Exercise requirements: The answer must be a word-for-word copy of the records below, with every picture left out.
....................
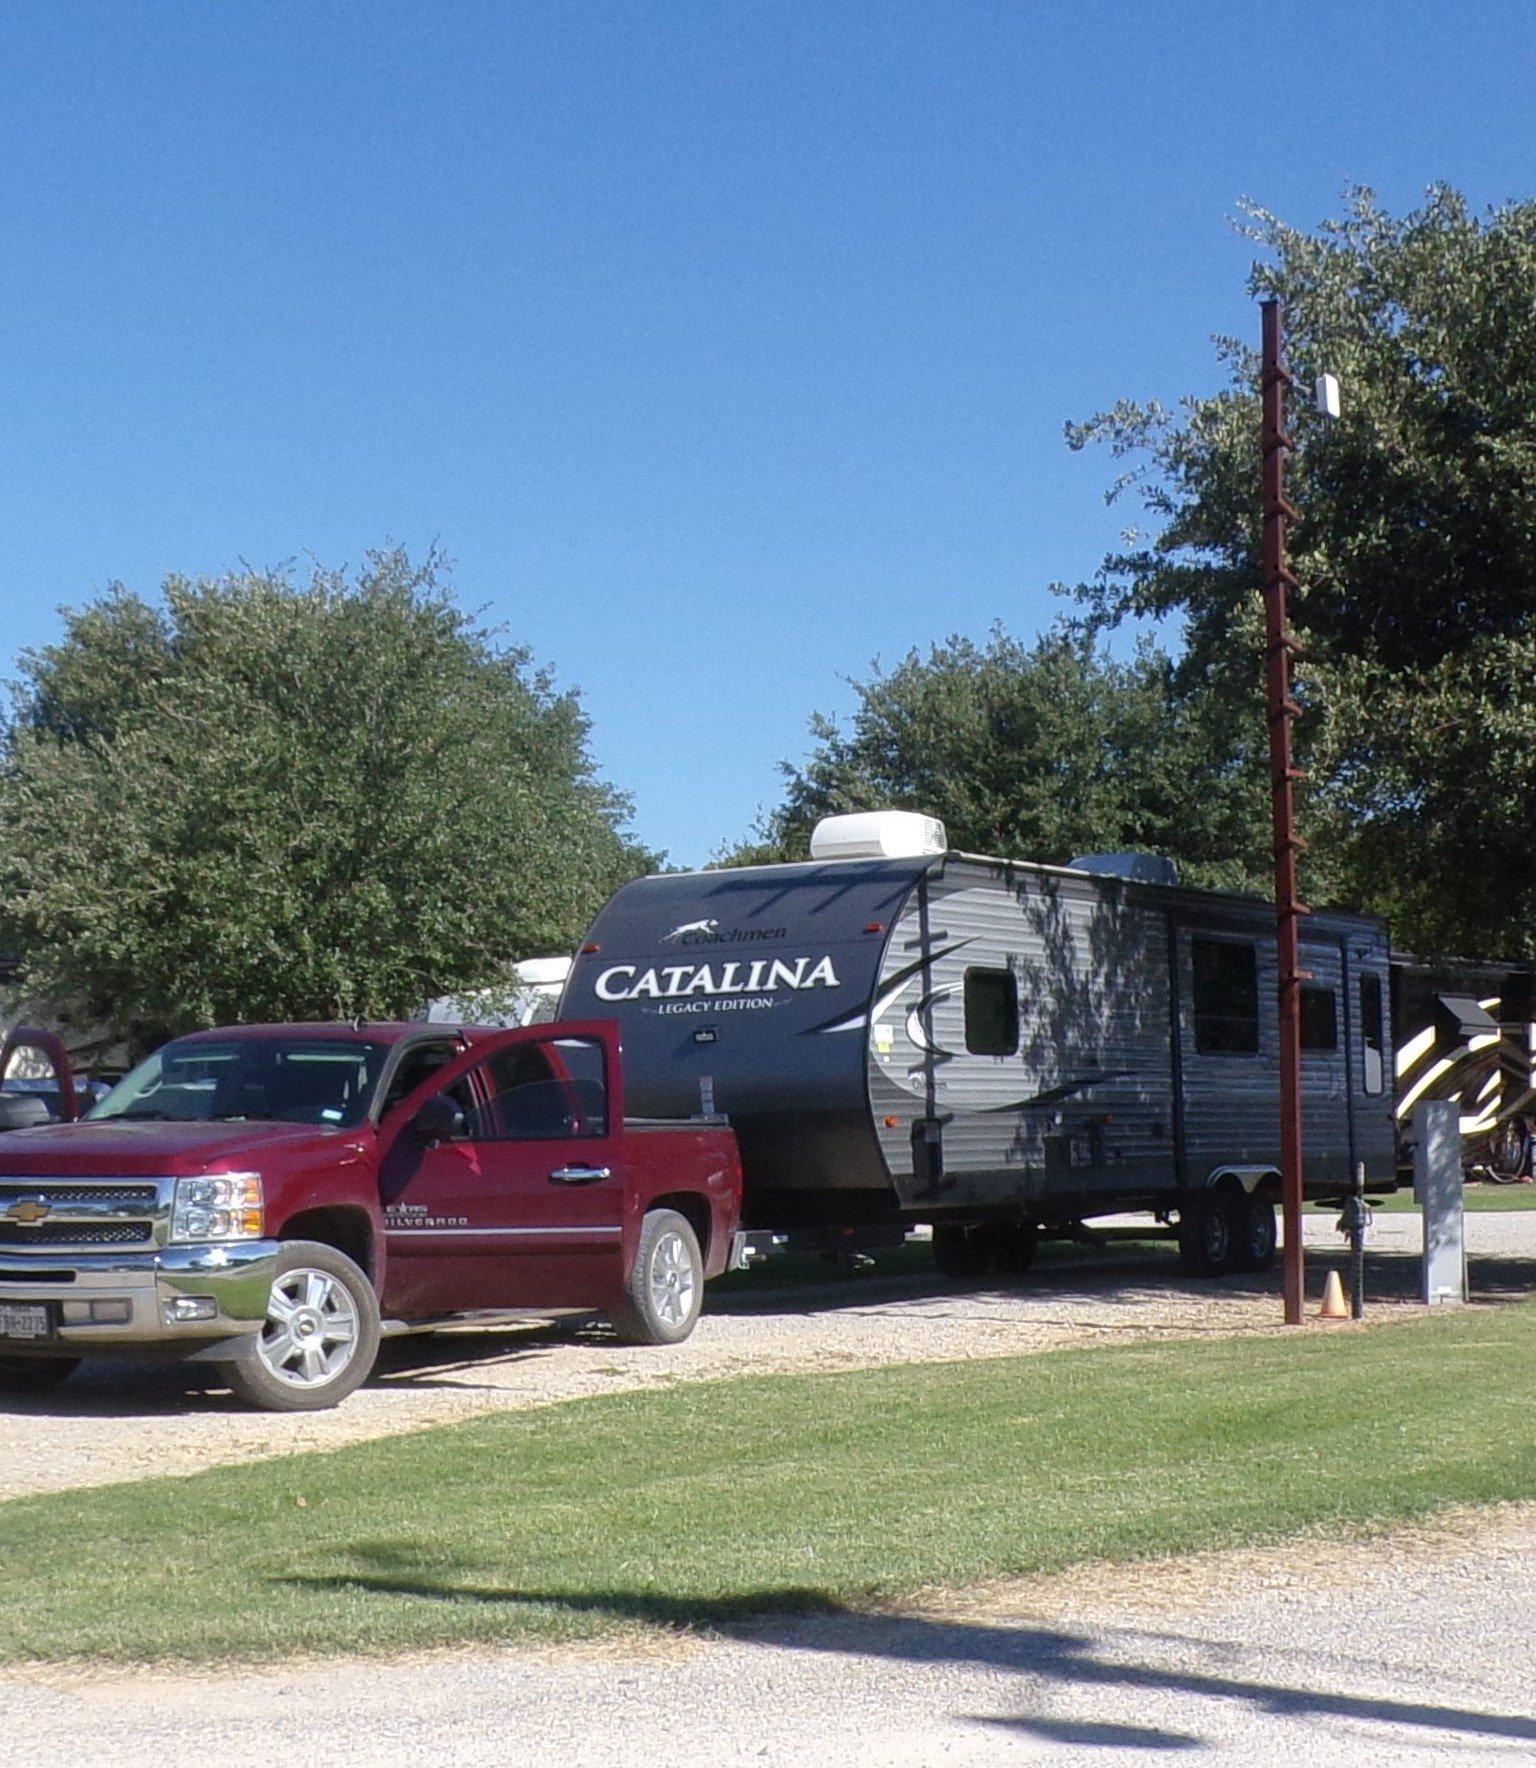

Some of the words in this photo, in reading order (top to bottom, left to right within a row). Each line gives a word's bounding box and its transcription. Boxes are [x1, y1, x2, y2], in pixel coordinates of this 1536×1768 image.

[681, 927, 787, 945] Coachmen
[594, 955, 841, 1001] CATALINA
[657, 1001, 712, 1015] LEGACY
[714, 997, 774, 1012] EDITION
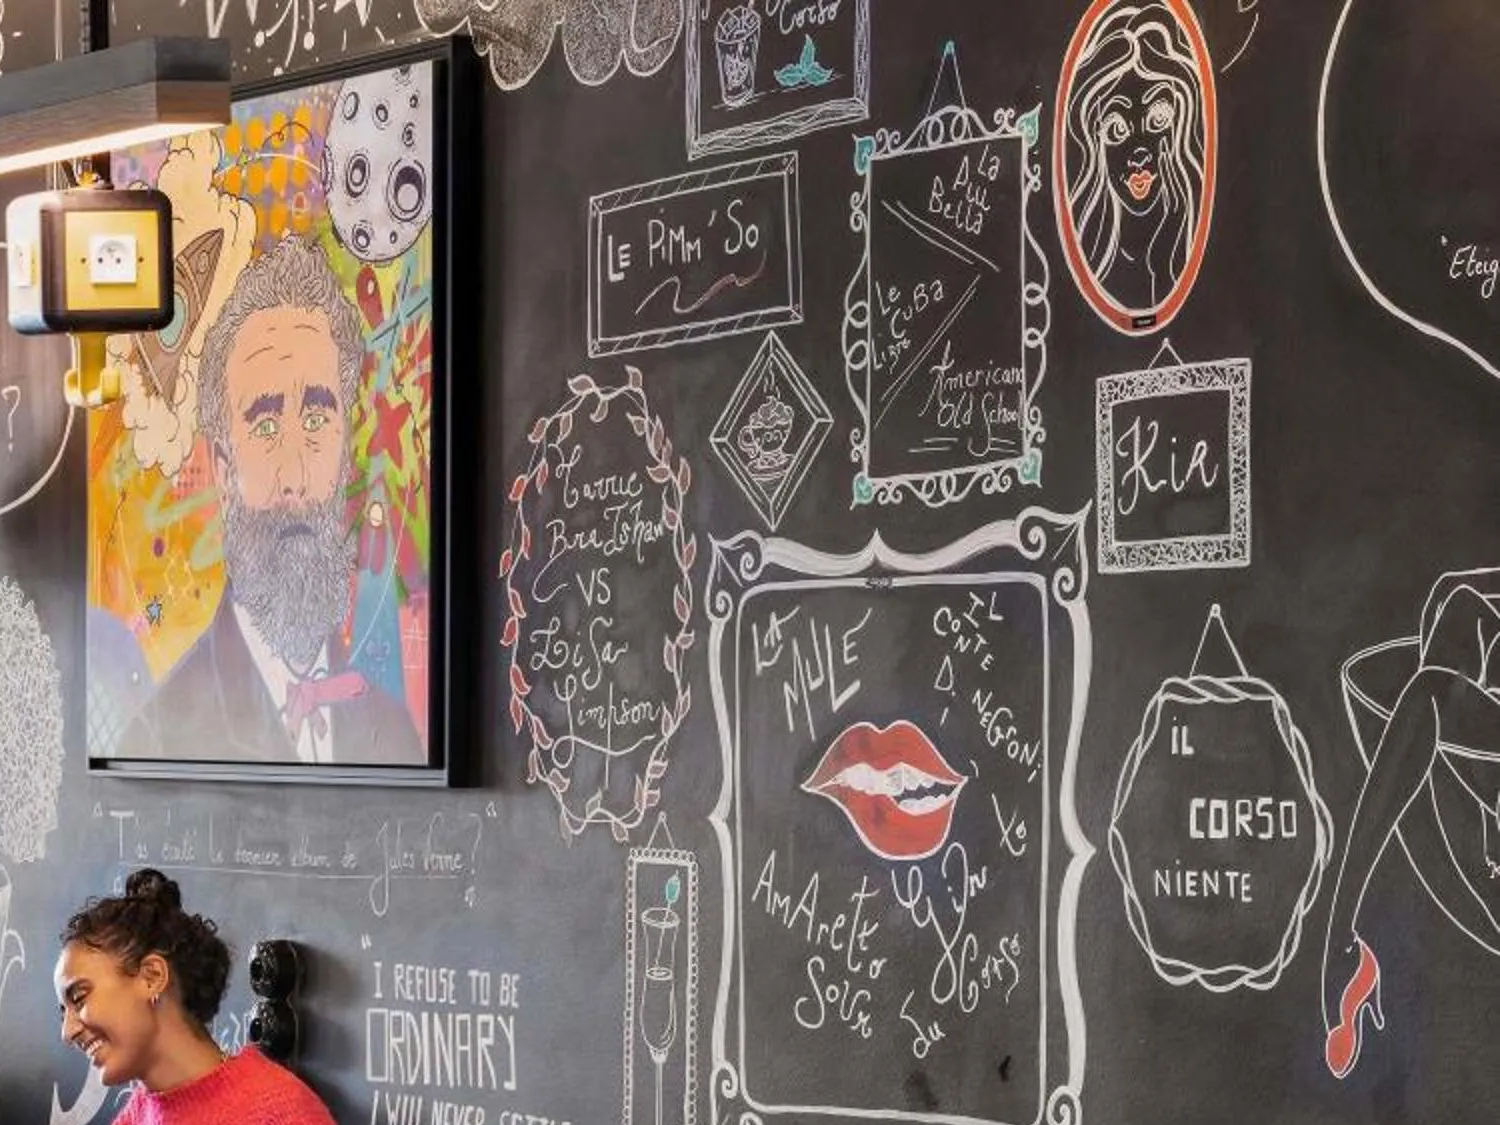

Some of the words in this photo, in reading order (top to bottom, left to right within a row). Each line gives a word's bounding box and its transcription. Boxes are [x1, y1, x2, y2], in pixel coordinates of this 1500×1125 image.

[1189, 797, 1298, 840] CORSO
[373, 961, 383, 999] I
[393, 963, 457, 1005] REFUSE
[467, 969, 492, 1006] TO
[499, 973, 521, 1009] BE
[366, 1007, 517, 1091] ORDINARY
....................
Response box:
Some of the words in this photo, in reading order (top to bottom, left to right within a row). Each line gives a word's bounding box and its transcription. Boxes are [x1, y1, x2, y2], in pixel coordinates of this 1536×1768 image.

[681, 927, 787, 945] Coachmen
[594, 955, 841, 1001] CATALINA
[657, 1001, 712, 1015] LEGACY
[714, 997, 774, 1012] EDITION

Some of the words in this photo, in reading order (top to bottom, left to right within a row). Each line gives a word's bounding box and its transcription. Boxes are [x1, y1, x2, y2], in pixel coordinates of this 1500×1125 image.

[1189, 797, 1298, 840] CORSO
[373, 961, 383, 999] I
[393, 963, 457, 1005] REFUSE
[467, 969, 492, 1006] TO
[499, 973, 521, 1009] BE
[366, 1007, 517, 1091] ORDINARY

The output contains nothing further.